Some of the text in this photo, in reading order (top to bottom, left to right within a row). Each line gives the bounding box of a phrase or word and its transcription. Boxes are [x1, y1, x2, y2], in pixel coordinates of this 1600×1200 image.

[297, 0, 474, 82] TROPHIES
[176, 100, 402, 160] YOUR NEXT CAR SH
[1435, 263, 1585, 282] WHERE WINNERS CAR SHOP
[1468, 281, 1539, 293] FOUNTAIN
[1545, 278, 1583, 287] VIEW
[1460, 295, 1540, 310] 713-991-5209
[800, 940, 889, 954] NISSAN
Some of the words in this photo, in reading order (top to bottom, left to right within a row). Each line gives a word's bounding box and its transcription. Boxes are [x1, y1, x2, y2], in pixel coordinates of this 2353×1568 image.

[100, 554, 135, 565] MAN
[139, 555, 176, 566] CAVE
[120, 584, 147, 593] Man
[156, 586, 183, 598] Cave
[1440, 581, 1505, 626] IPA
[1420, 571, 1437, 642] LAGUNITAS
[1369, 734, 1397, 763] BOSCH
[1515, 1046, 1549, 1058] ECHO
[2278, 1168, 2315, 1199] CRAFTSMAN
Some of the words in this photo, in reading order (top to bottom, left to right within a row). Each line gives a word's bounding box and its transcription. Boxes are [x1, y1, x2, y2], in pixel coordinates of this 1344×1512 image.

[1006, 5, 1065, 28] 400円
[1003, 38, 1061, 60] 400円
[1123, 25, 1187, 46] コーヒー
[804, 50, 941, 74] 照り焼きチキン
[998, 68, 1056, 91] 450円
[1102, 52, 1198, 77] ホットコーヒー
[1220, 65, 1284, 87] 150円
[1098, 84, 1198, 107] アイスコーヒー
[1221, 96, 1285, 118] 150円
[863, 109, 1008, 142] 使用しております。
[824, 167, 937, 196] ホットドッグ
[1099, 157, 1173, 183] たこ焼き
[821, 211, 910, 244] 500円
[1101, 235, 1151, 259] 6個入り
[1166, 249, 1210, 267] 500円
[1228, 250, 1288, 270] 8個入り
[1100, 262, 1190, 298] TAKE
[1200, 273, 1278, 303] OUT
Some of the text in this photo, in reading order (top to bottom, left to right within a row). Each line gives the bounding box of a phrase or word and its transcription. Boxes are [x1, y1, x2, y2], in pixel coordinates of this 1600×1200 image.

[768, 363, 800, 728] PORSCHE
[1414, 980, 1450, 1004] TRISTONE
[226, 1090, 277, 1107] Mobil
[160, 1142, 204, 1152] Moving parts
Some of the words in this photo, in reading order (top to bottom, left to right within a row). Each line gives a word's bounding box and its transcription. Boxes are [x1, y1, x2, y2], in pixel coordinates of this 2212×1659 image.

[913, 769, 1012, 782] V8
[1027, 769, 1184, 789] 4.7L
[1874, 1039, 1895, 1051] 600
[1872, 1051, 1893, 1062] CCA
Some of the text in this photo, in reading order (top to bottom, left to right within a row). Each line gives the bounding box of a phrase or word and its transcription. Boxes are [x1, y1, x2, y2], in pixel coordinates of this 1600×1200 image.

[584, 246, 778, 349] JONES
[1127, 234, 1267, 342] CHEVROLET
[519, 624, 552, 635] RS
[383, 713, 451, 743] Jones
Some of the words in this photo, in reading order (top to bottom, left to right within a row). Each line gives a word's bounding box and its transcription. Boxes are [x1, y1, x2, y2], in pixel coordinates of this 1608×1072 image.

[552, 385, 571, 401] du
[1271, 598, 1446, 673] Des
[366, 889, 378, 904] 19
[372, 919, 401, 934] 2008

---

An exact copy of every line above is what this asks for.

Some of the text in this photo, in reading order (top to bottom, left to right within a row). Each line gives the bounding box of a phrase or word and its transcription. Boxes are [x1, y1, x2, y2], in pixel coordinates of this 1600×1200 image.

[297, 0, 474, 82] TROPHIES
[176, 100, 402, 160] YOUR NEXT CAR SH
[1435, 263, 1585, 282] WHERE WINNERS CAR SHOP
[1468, 281, 1539, 293] FOUNTAIN
[1545, 278, 1583, 287] VIEW
[1460, 295, 1540, 310] 713-991-5209
[800, 940, 889, 954] NISSAN
Some of the words in this photo, in reading order (top to bottom, left to right within a row). Each line gives a word's bounding box and its transcription. Boxes are [x1, y1, x2, y2], in pixel coordinates of this 2353×1568 image.

[100, 554, 135, 565] MAN
[139, 555, 176, 566] CAVE
[120, 584, 147, 593] Man
[156, 586, 183, 598] Cave
[1440, 581, 1505, 626] IPA
[1420, 571, 1437, 642] LAGUNITAS
[1369, 734, 1397, 763] BOSCH
[1515, 1046, 1549, 1058] ECHO
[2278, 1168, 2315, 1199] CRAFTSMAN
Some of the words in this photo, in reading order (top to bottom, left to right within a row). Each line gives a word's bounding box and its transcription. Boxes are [x1, y1, x2, y2], in pixel coordinates of this 1344×1512 image.

[1006, 5, 1065, 28] 400円
[1003, 38, 1061, 60] 400円
[1123, 25, 1187, 46] コーヒー
[804, 50, 941, 74] 照り焼きチキン
[998, 68, 1056, 91] 450円
[1102, 52, 1198, 77] ホットコーヒー
[1220, 65, 1284, 87] 150円
[1098, 84, 1198, 107] アイスコーヒー
[1221, 96, 1285, 118] 150円
[863, 109, 1008, 142] 使用しております。
[824, 167, 937, 196] ホットドッグ
[1099, 157, 1173, 183] たこ焼き
[821, 211, 910, 244] 500円
[1101, 235, 1151, 259] 6個入り
[1166, 249, 1210, 267] 500円
[1228, 250, 1288, 270] 8個入り
[1100, 262, 1190, 298] TAKE
[1200, 273, 1278, 303] OUT
Some of the text in this photo, in reading order (top to bottom, left to right within a row). Each line gives the bounding box of a phrase or word and its transcription. Boxes are [x1, y1, x2, y2], in pixel coordinates of this 1600×1200 image.

[768, 363, 800, 728] PORSCHE
[1414, 980, 1450, 1004] TRISTONE
[226, 1090, 277, 1107] Mobil
[160, 1142, 204, 1152] Moving parts
Some of the words in this photo, in reading order (top to bottom, left to right within a row). Each line gives a word's bounding box and its transcription. Boxes are [x1, y1, x2, y2], in pixel coordinates of this 2212×1659 image.

[913, 769, 1012, 782] V8
[1027, 769, 1184, 789] 4.7L
[1874, 1039, 1895, 1051] 600
[1872, 1051, 1893, 1062] CCA
Some of the text in this photo, in reading order (top to bottom, left to right within a row). Each line gives the bounding box of a phrase or word and its transcription. Boxes are [x1, y1, x2, y2], in pixel coordinates of this 1600×1200 image.

[584, 246, 778, 349] JONES
[1127, 234, 1267, 342] CHEVROLET
[519, 624, 552, 635] RS
[383, 713, 451, 743] Jones
Some of the words in this photo, in reading order (top to bottom, left to right within a row). Each line gives a word's bounding box and its transcription. Boxes are [x1, y1, x2, y2], in pixel coordinates of this 1608×1072 image.

[552, 385, 571, 401] du
[1271, 598, 1446, 673] Des
[366, 889, 378, 904] 19
[372, 919, 401, 934] 2008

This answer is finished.